WHAT YOU NEED TO DO
Copy the entries below word for word, minus the pictures.

(Extracted data entries)
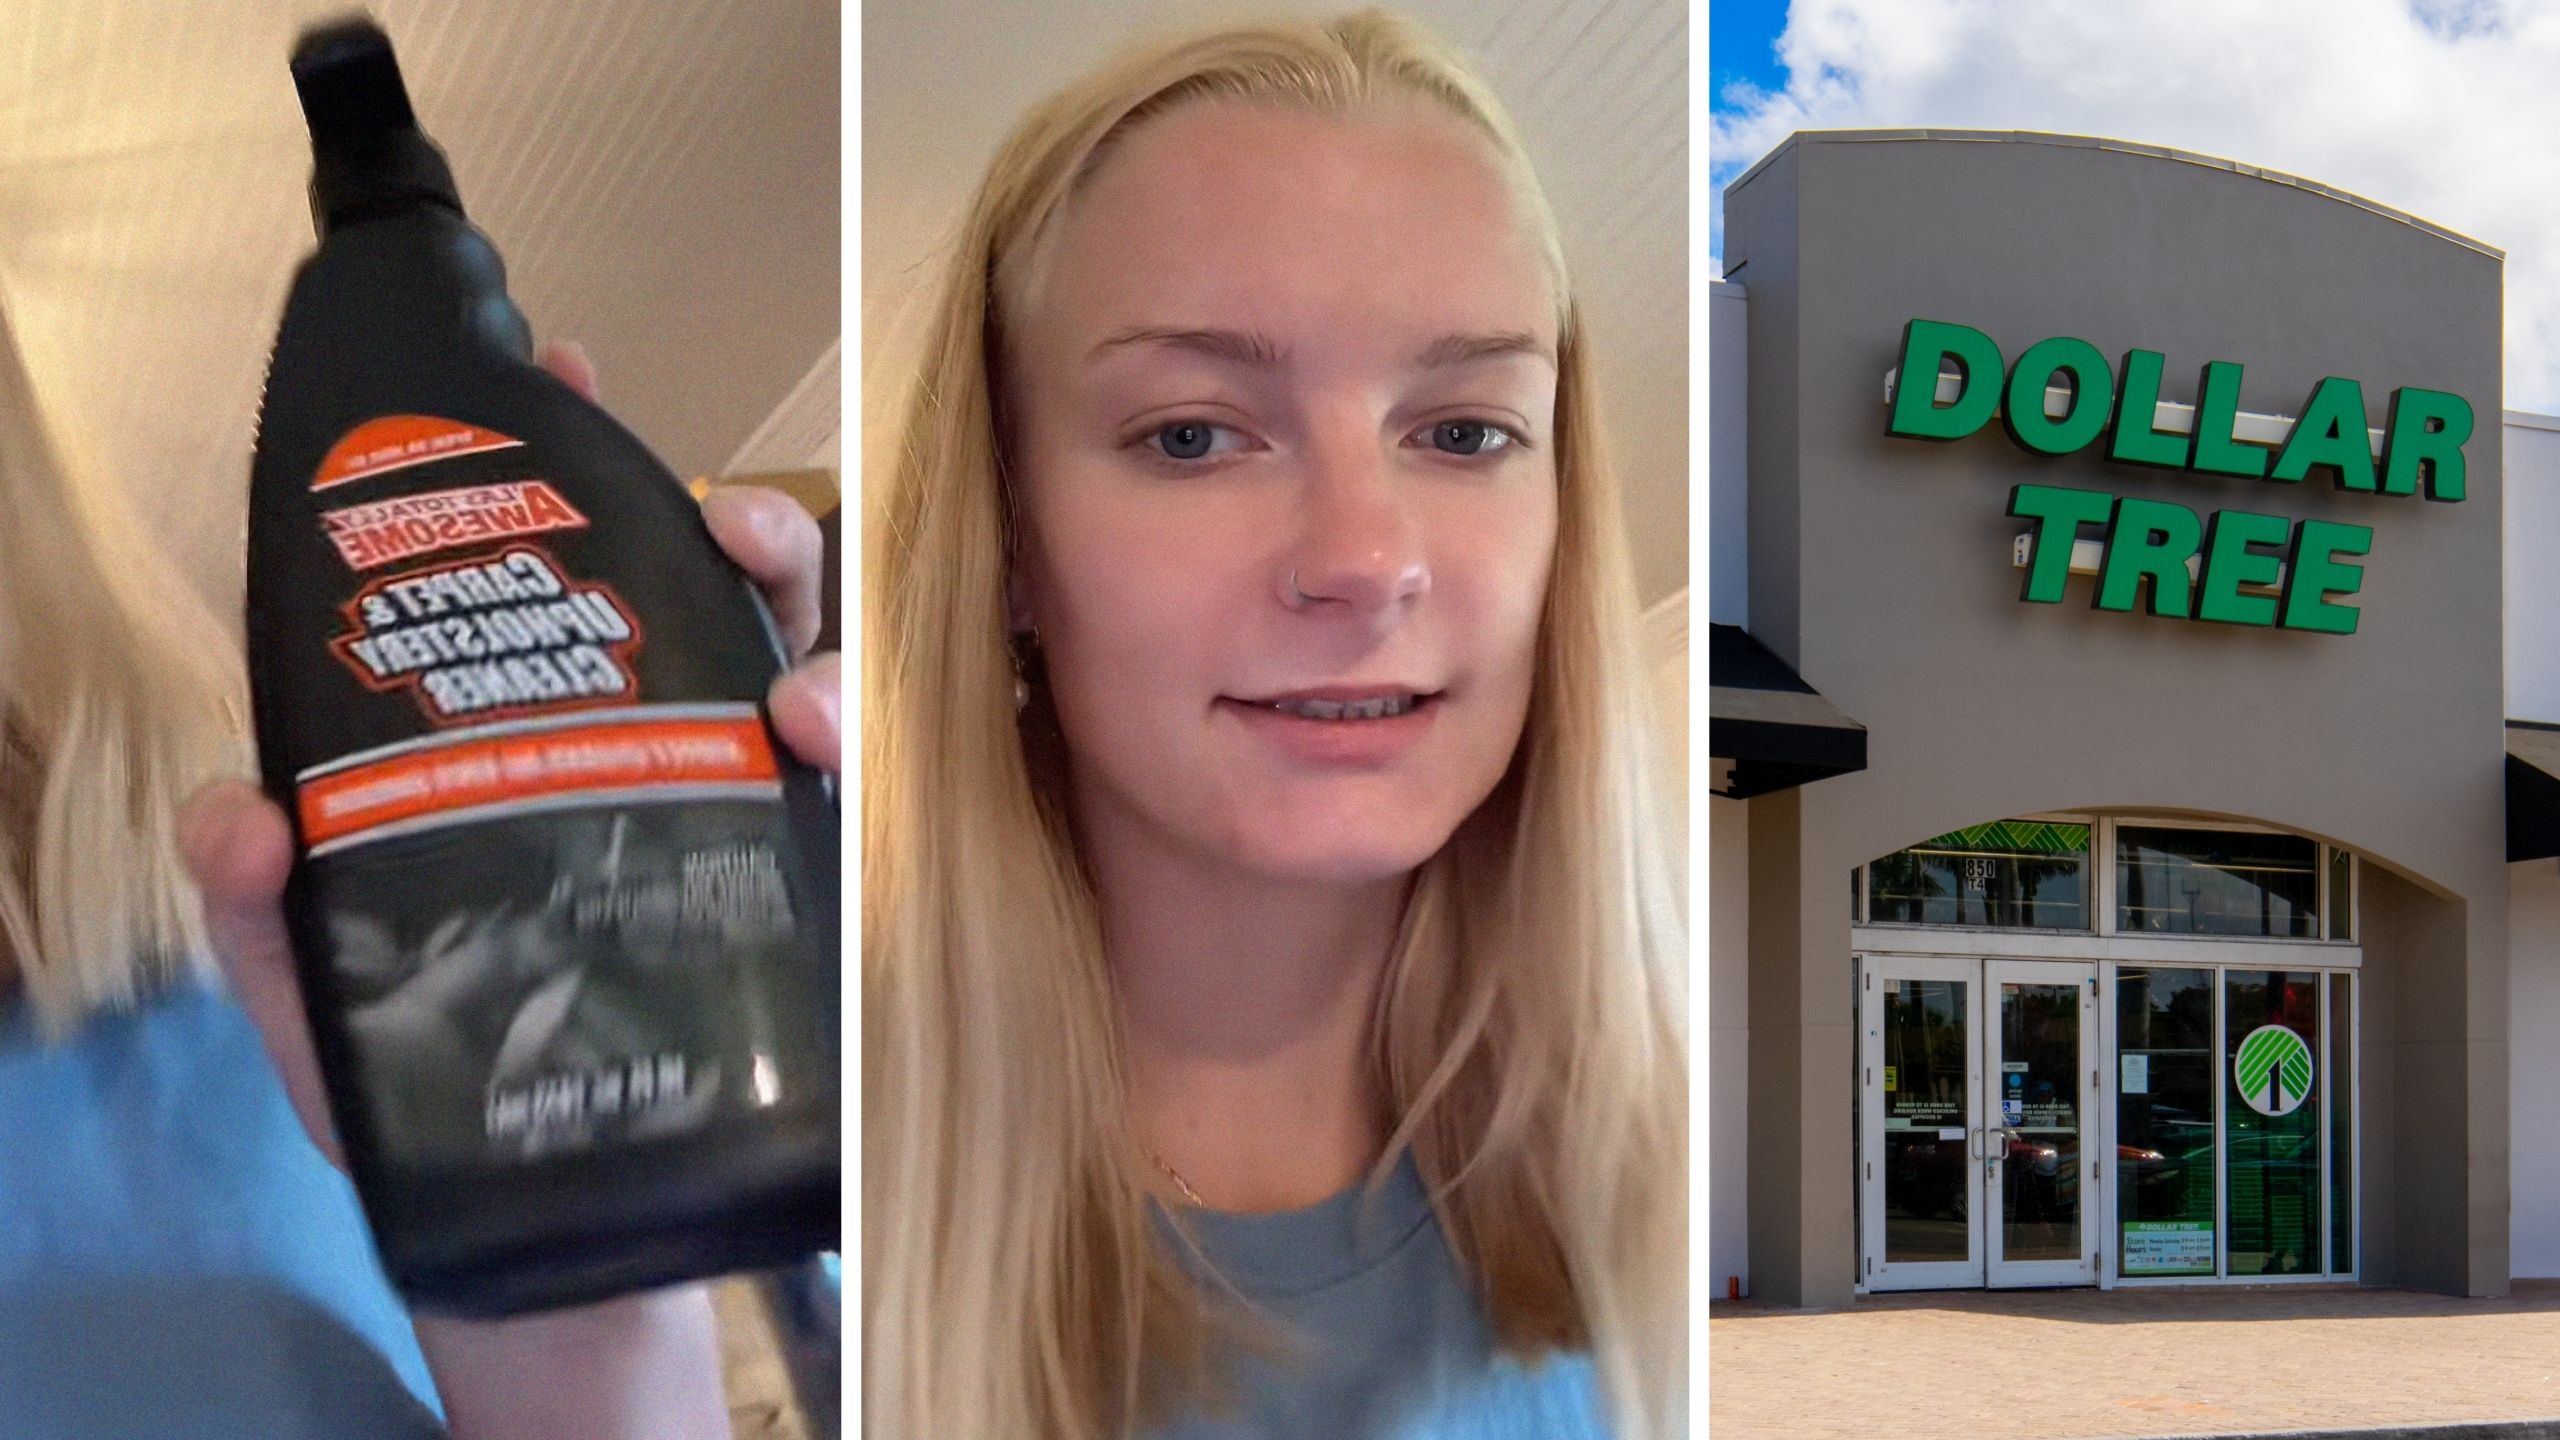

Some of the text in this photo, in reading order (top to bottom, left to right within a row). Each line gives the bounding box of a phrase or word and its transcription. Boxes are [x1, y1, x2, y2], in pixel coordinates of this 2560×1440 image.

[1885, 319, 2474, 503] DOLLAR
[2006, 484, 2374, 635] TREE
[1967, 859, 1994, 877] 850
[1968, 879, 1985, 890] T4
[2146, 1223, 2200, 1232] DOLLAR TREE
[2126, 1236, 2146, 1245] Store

REPLY TO THE EXERCISE
Some of the text in this photo, in reading order (top to bottom, left to right within a row). Each line gives the bounding box of a phrase or word and its transcription. Boxes are [x1, y1, x2, y2], in pixel coordinates of this 2560×1440 image.

[1885, 319, 2474, 503] DOLLAR
[2006, 484, 2374, 635] TREE
[1967, 859, 1994, 877] 850
[1968, 879, 1985, 890] T4
[2146, 1223, 2200, 1232] DOLLAR TREE
[2126, 1236, 2146, 1245] Store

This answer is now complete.